Smith Square Briefing – Nanny’s Back

23 October 2014, Blog

Nanny’s back

Today saw the release of the much anticipated Stevens review of the National Health Service. After a period in the United States Simon Stevens, head of NHS England, returned to the UK to look at the NHS’s balance book and strategy to combat the country’s demographic challenges. His return, and report, has had an almost messianic degree of anticipation.

The fact that his report has come after the main political parties, think-tanks and health bodies have laid out their own visions makes it all the more important. The question/debate will now be who, how and when people react to his recommendations – the spotlight clearly being most focussed on Labour and the Conservatives.

Today in Parliament Andy Burnham asked how Jeremy Hunt was planning to pay for the report’s recommendations, while Mr Hunt highlighted it was “no endorsement” of Labour’s plans either and that they should focus on “where they agree.”

The former Labour councillor, and adviser to two Secretaries of State, has released (by health service standards) a relatively short report at 39 pages. But what is perhaps most interesting is its tone. Public debates around the health service have been near apocalyptic in tenor – the Five Year Forward View is both positive in outlook and praiseworthy of the progress already made.

That said, as you would expect, it identifies some serious challenges to the health service, challenges that it urges our leaders to be brave in facing. The report has 16 key points but it is not until point 7 where you start to see where Mr Stevens is going.

For him the NHS’s future is one that “dissolves the classic divide, set almost in stone since 1948, between family doctors and hospitals, between physical and mental health, between health and social care, between prevention and treatment.” When you read on it becomes clear that he’s not kidding.

New suggested structures include Primary and Acute Care Systems (essentially merged GP and hospital services) and a comprehensive redesign of urgent care services where he proposes integrated A&E departments combined with out-of-hours GPs and 111 advice. Outside of hospitals he suggests Multispecialty Community Providers (a sort of one-stop-shop for outpatients with mental, physical and social care requirements). It all makes for a potentially radically different health picture.

Read outside the bits the report has bolded for you and the document speaks to a more interventionist health service. Nanny will now come to you it would seem; Mr Stevens majors on the public health dialogue at the start of his report and has certainly focussed on it in his various interviews today.

Smoking/alcohol strategies and the end of a “one size fits all” health service need to be designed to work around our increasingly expanding waistlines. The “sicker population” of England (as his report is not a nationwide look) needs more help to lead healthier lives, Mr Stevens seems to suggest.

How much is this going to cost? Well more than we’re already paying – £8 billion more a year to be precise(ish). The report is direct in its support of the efficiency savings already made, and the huge steps taken by the existing NHS workforce. But when 70% of the health budget is spent on long-term conditions, the report is clear that “radical” change needs to happen, and now.

After years of let “a thousand flowers bloom,” Mr Stevens is calling on the national leadership to “choose from amongst a small number of radical new care delivery options.” It’s decision time.
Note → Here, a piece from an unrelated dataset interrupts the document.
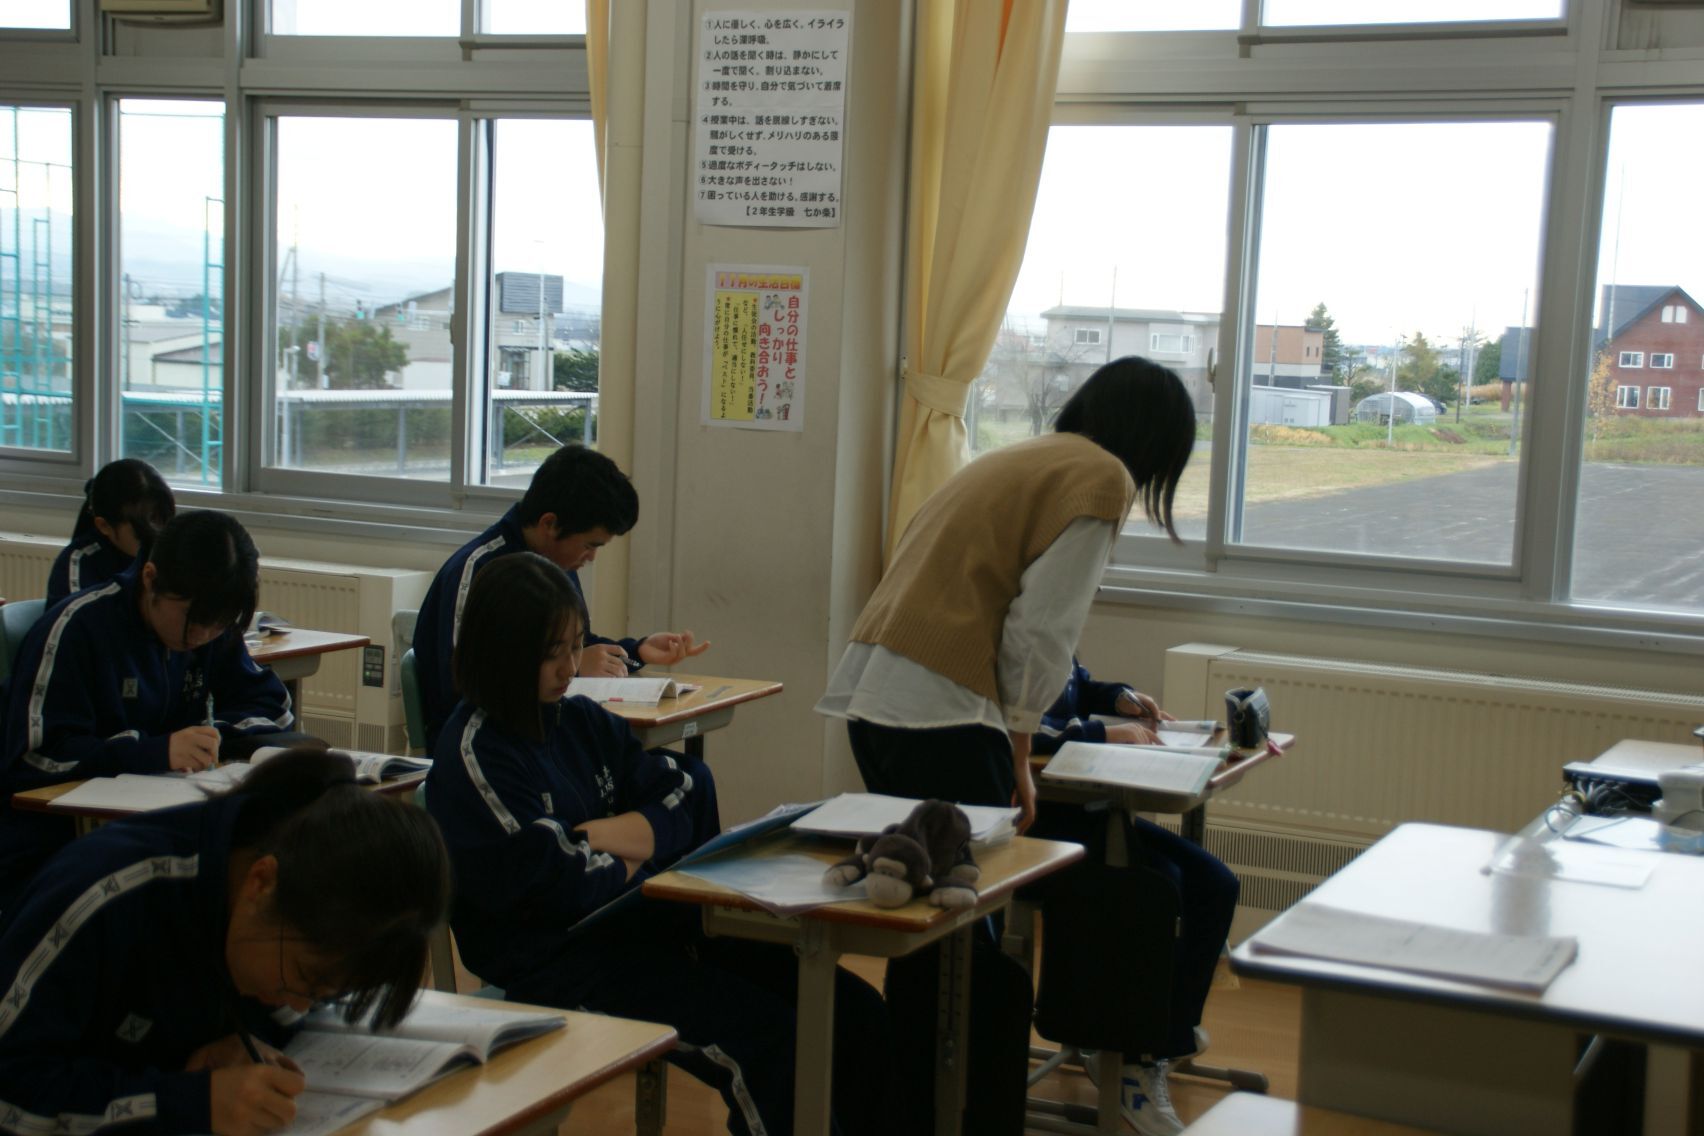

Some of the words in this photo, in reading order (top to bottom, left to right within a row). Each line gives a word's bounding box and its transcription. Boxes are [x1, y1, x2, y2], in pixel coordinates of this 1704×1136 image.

The doctor will see you now

At the heart of Simon Stevens’ reform plans are four key pillars:

  • The Public Health agenda – Firstly, it argues we need to do more to tackle the root causes of ill health. The future health of millions of children, the sustainability of the NHS and the economic prosperity of Britain all now depend on a radical upgrade in prevention and public health. The Forward View backs hard-hitting action on obesity, alcohol and other major health risks.
  • Choice – Secondly, it commits to giving patients more control of their own care, including the option of combining health and social care, and new support for carers and volunteers.
  • The long-term – Thirdly, it says the NHS must change to meet the needs of a population that lives longer, for the millions of people with long-term conditions. This means breaking down the boundaries between family doctors and hospitals, between physical and mental health and between health and social care. The Five Year Forward View sets out new models of care built around the needs of patients rather than historical or professional divides.
  • Flexible federalism – Fourthly, it sets out the actions we will need to take in order to develop and deliver the new models of care, including greater alignment between the national NHS bodies to provide meaningful local flexibility in the way that payment, rules and regulatory requirements are applied. It proposes more investment in our workforce, technology and innovation.